AVAILABLE DATA START
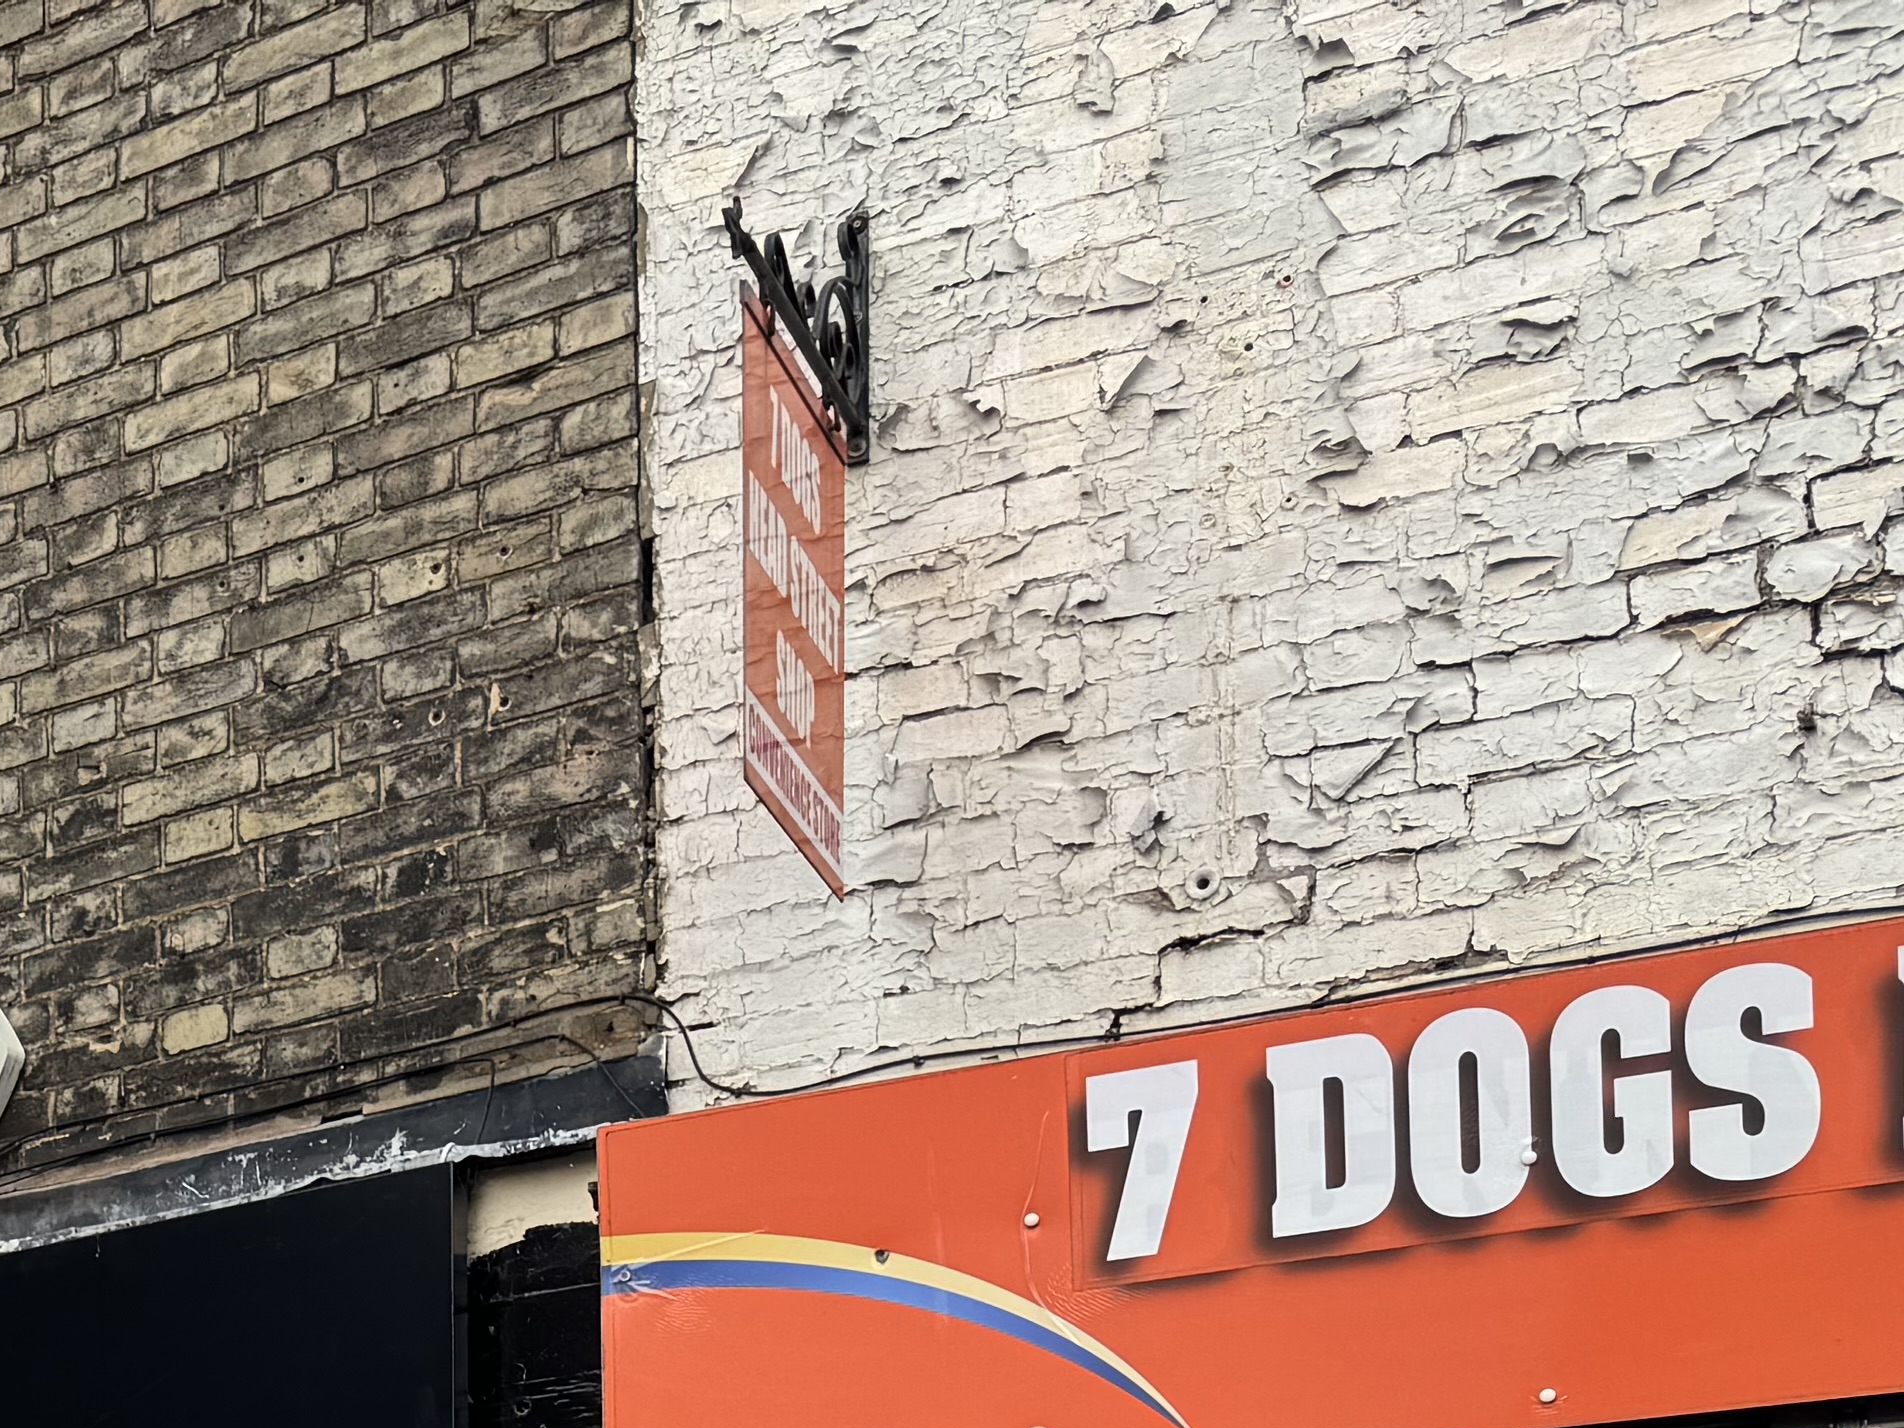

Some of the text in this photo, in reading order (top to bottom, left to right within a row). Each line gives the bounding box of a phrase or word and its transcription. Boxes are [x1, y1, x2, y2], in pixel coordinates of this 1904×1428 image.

[769, 384, 821, 536] 7 DOGS
[748, 469, 841, 676] HEAD STREET
[776, 628, 815, 750] SHOP
[1085, 1058, 1199, 1263] 7
[1265, 961, 1822, 1239] DOGS
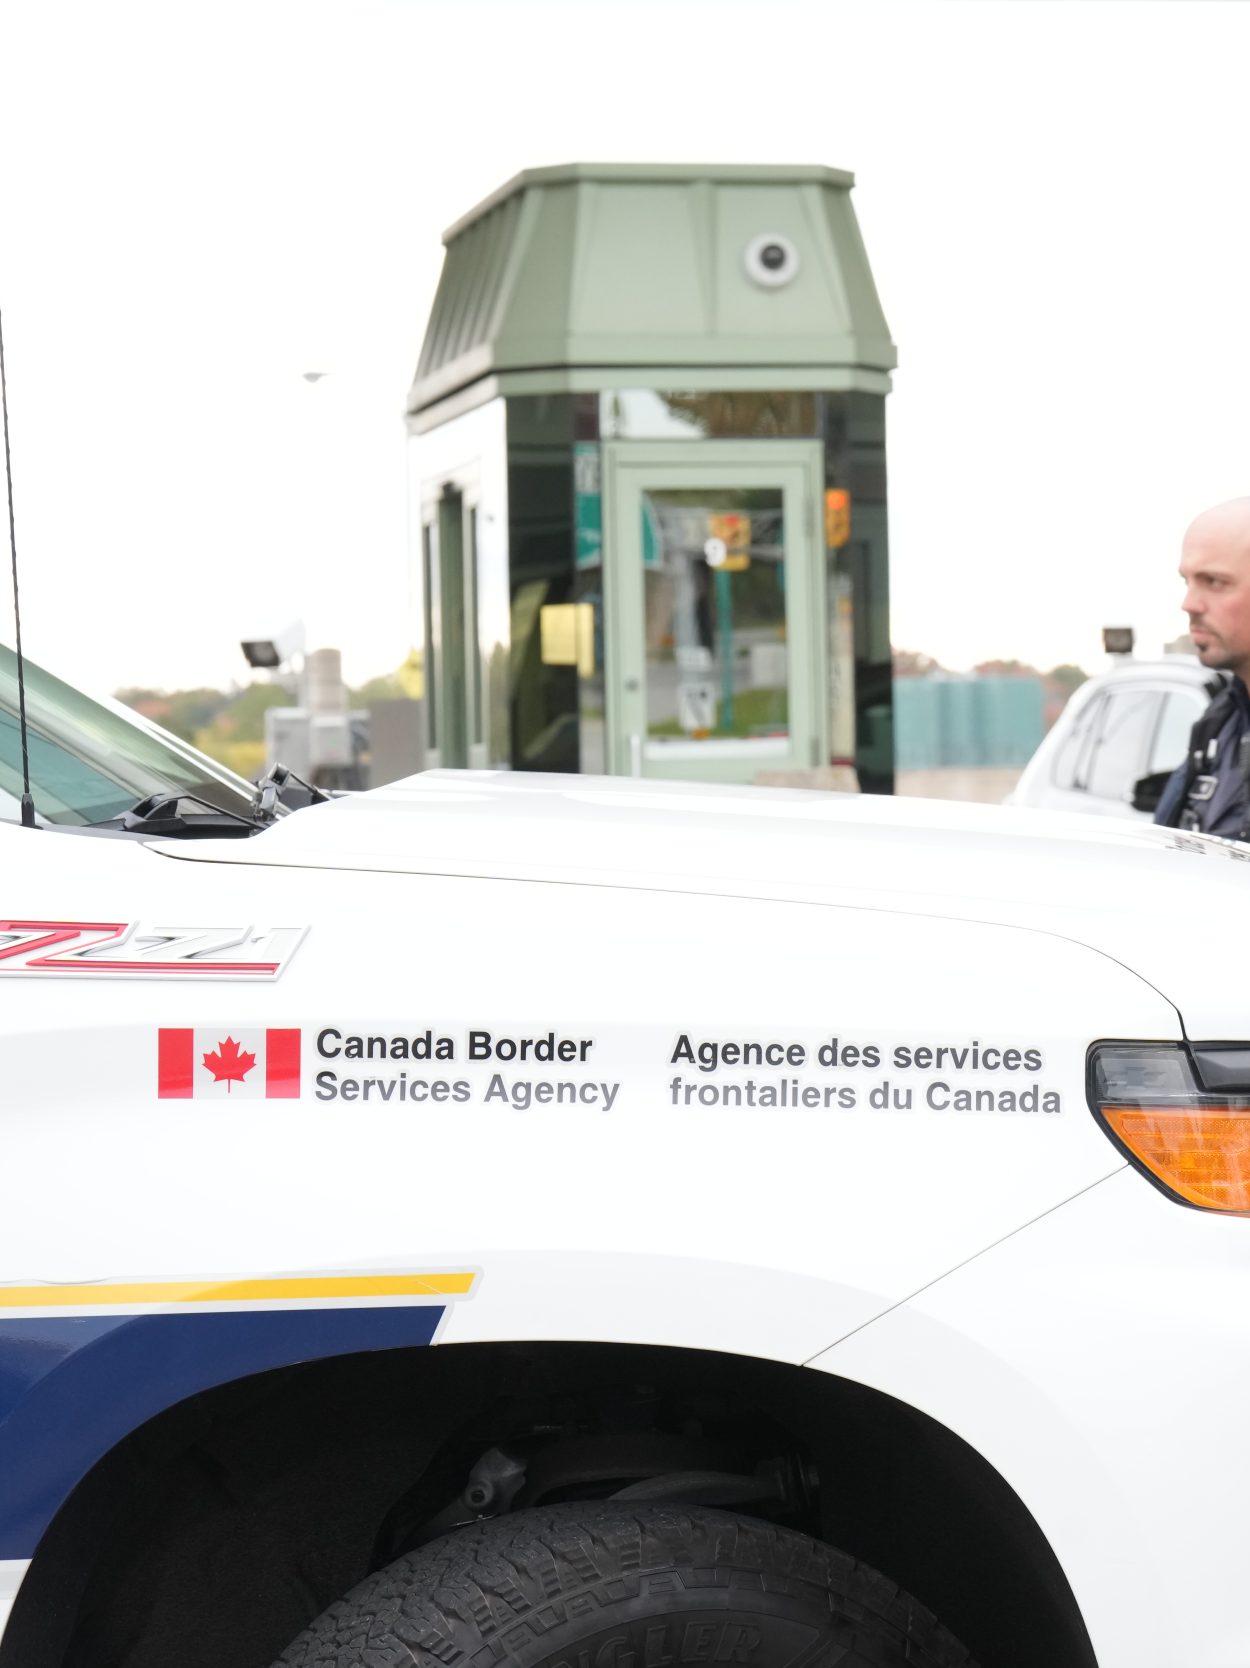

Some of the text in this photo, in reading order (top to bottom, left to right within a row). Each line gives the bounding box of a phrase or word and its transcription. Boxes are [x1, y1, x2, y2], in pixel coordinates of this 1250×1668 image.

[316, 1027, 593, 1063] Canada Border
[670, 1034, 1043, 1073] Agence des services
[315, 1070, 620, 1112] Services Agency
[669, 1076, 1061, 1114] frontaliers du Canada
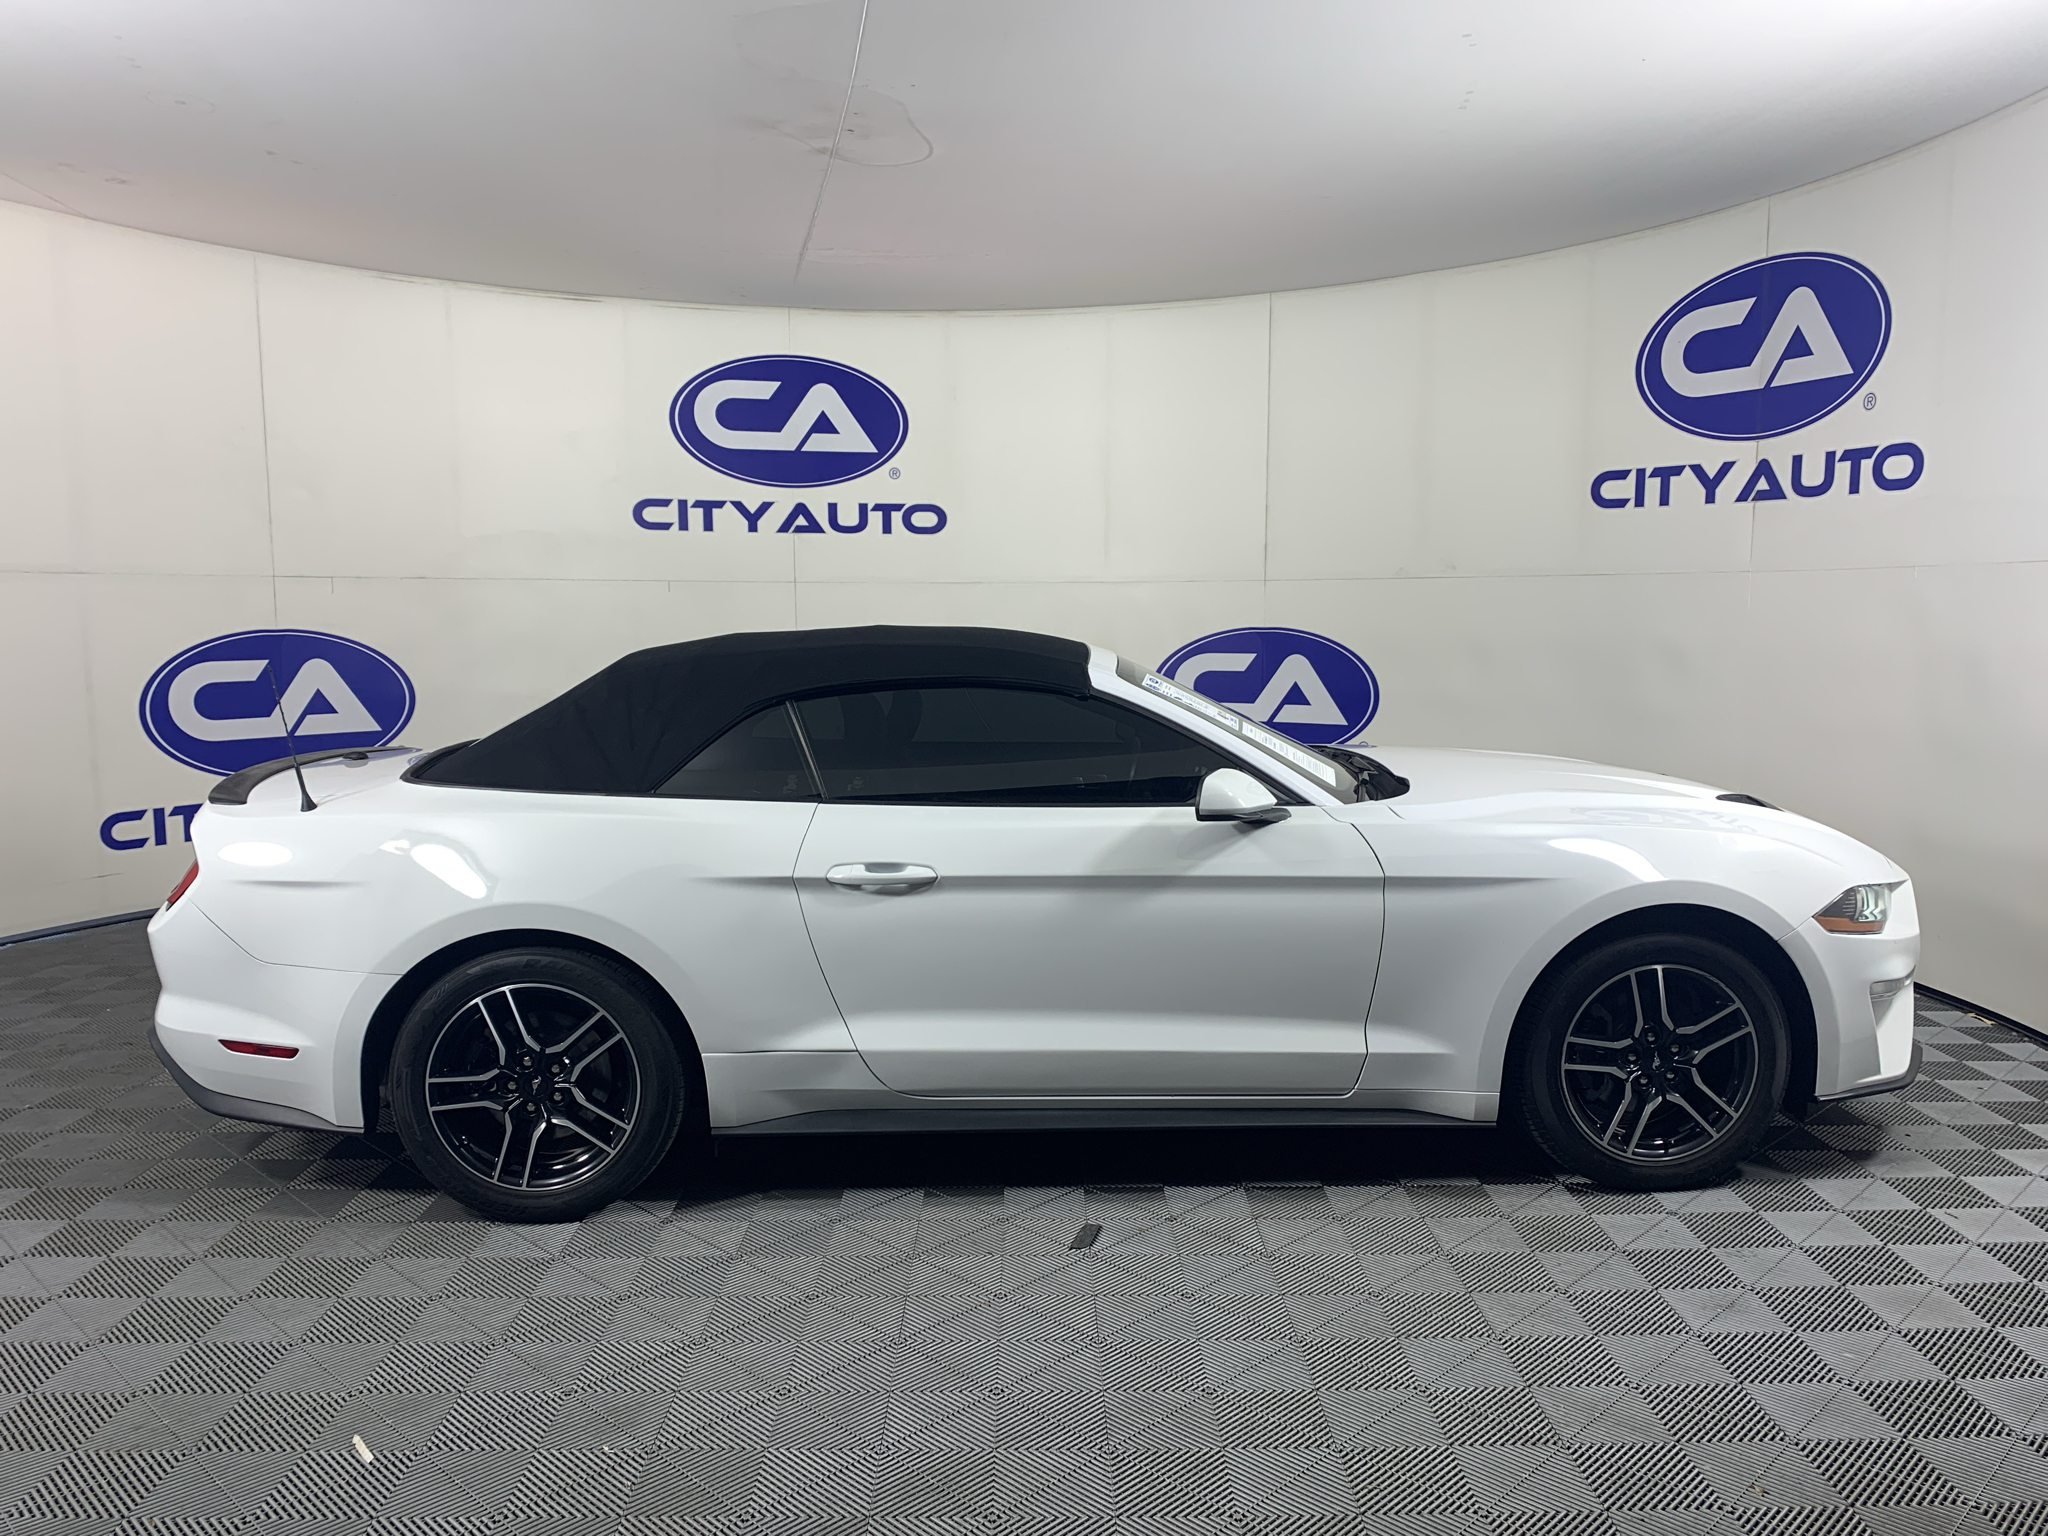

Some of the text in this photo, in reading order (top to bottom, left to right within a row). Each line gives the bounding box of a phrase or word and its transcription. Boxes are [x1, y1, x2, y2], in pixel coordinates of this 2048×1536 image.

[1661, 286, 1855, 398] CA
[694, 379, 879, 453] CA
[168, 658, 383, 742] CA
[1173, 652, 1349, 726] CA
AVAILABLE DATA END
EXERCISE BRIEF
Pictures stay out; copy every entry above exactly.

WRITTEN RESPONSE
Some of the text in this photo, in reading order (top to bottom, left to right within a row). Each line gives the bounding box of a phrase or word and its transcription. Boxes are [x1, y1, x2, y2], in pixel coordinates of this 1904×1428 image.

[769, 384, 821, 536] 7 DOGS
[748, 469, 841, 676] HEAD STREET
[776, 628, 815, 750] SHOP
[1085, 1058, 1199, 1263] 7
[1265, 961, 1822, 1239] DOGS

Some of the text in this photo, in reading order (top to bottom, left to right within a row). Each line gives the bounding box of a phrase or word and its transcription. Boxes are [x1, y1, x2, y2], in pixel coordinates of this 1250×1668 image.

[316, 1027, 593, 1063] Canada Border
[670, 1034, 1043, 1073] Agence des services
[315, 1070, 620, 1112] Services Agency
[669, 1076, 1061, 1114] frontaliers du Canada

Some of the text in this photo, in reading order (top to bottom, left to right within a row). Each line gives the bounding box of a phrase or word and its transcription. Boxes are [x1, y1, x2, y2], in pixel coordinates of this 2048×1536 image.

[1661, 286, 1855, 398] CA
[694, 379, 879, 453] CA
[168, 658, 383, 742] CA
[1173, 652, 1349, 726] CA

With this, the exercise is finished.